India's Industrial Power Dilemma
In a recent Economic Survey, it was highlighted that the high markup on electricity supplied to industrial consumers is significantly reducing the global competitiveness of Indian industries. This issue brings tariff reforms back into the spotlight, as industrial users across states are paying a 10-25% markup over the cost of electricity supply.
Comparatively, other countries like Vietnam offer electricity at rates 10% lower than the cost of generation, making it a more attractive destination for manufacturing. This disparity in energy costs is discouraging growth and investment in Indian factories, posing a challenge to the government's vision of establishing India as a global manufacturing hub.

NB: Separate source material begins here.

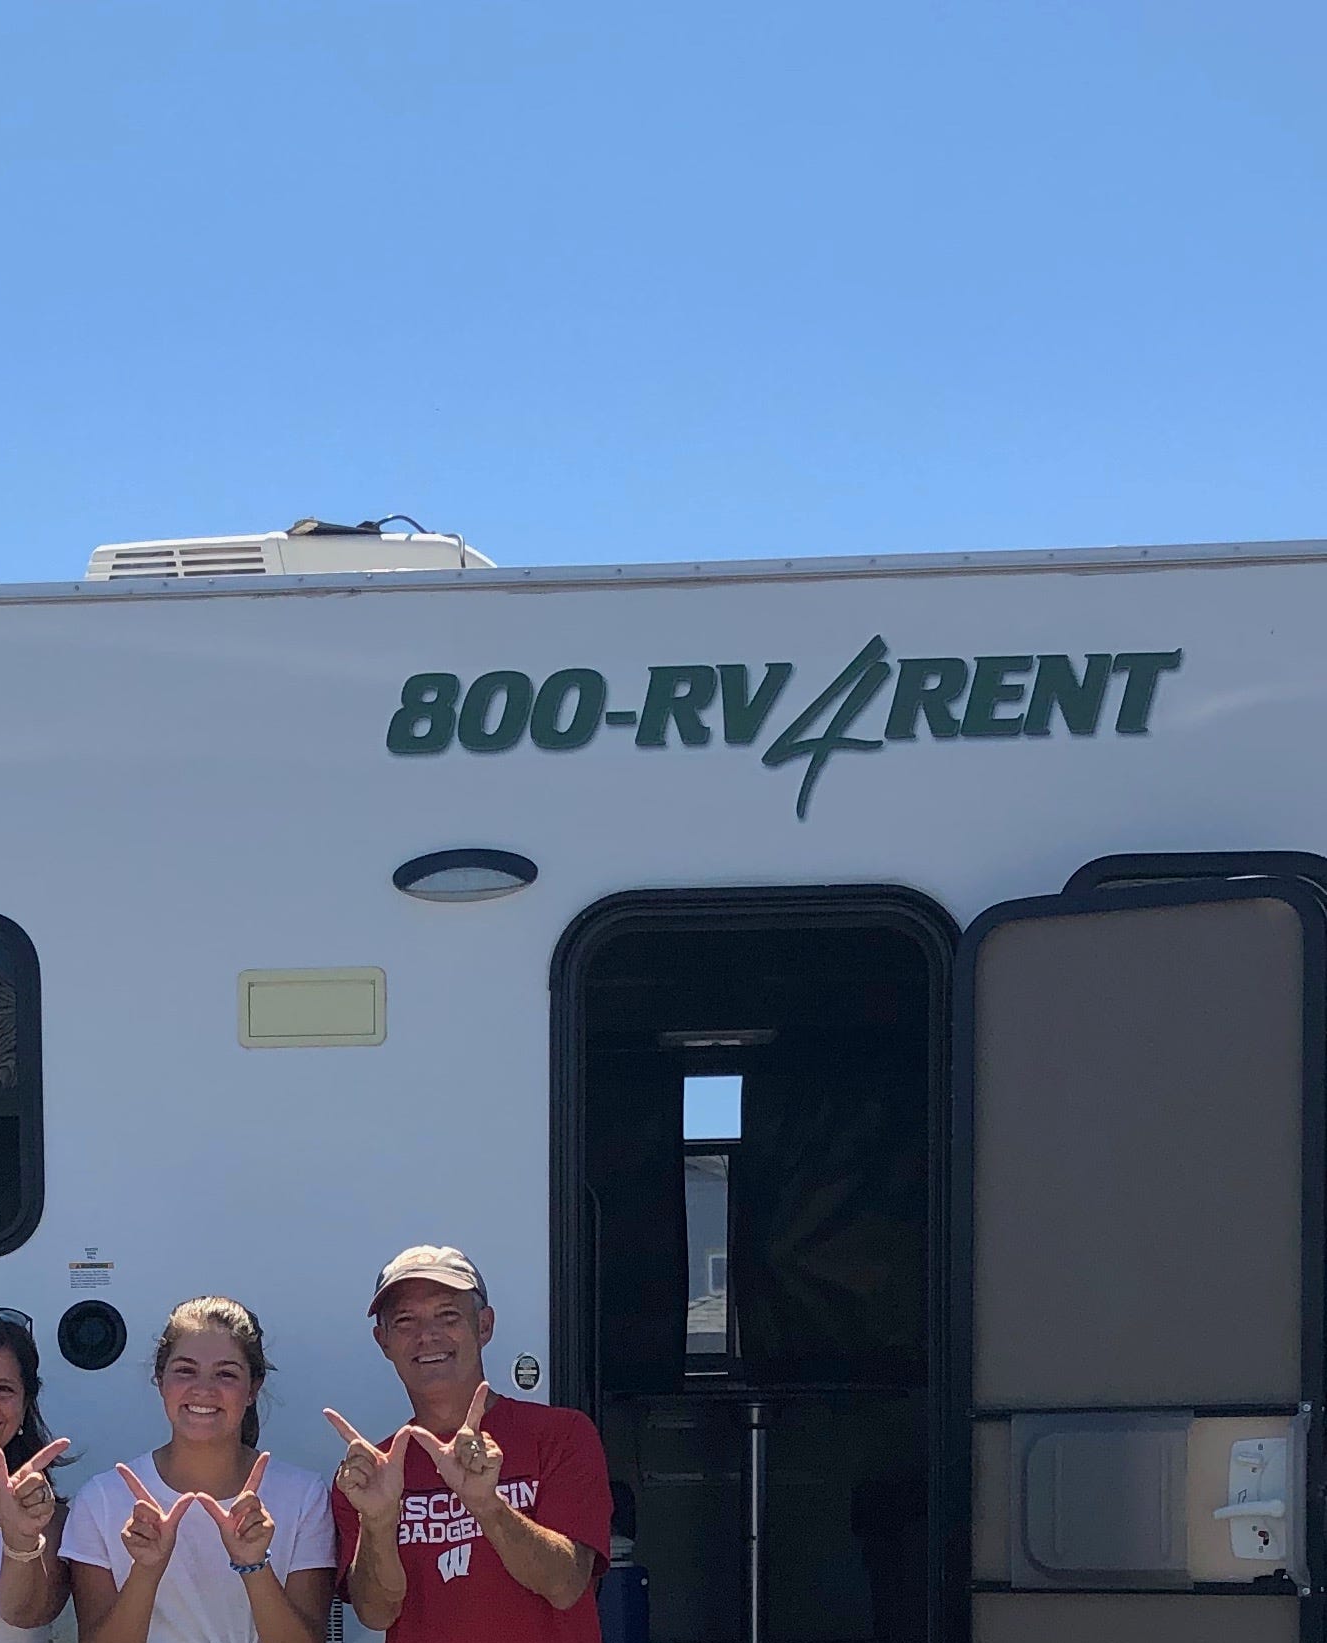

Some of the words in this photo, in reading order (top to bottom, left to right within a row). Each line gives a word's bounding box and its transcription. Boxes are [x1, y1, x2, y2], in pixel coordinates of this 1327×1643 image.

[386, 634, 1183, 819] 800-RV4RENT
[400, 1480, 539, 1521] SCOSIN
[398, 1516, 483, 1545] BADGE

The Challenge of Rationalizing Industrial Tariffs
Rationalizing industrial tariffs is a complex issue, as distribution utilities (discoms) often subsidize household tariffs by charging industrial and commercial consumers more. This practice, while beneficial for domestic consumers, places a heavy burden on businesses and industries.
Given the poor fiscal health of discoms and the political risks associated with raising domestic tariffs, states may hesitate to implement necessary reforms. However, the Economic Survey also noted a positive trend in the increase of generation capacity, primarily through solar and wind energy, which has significantly reduced the demand-supply gap and improved the average power supply in urban areas.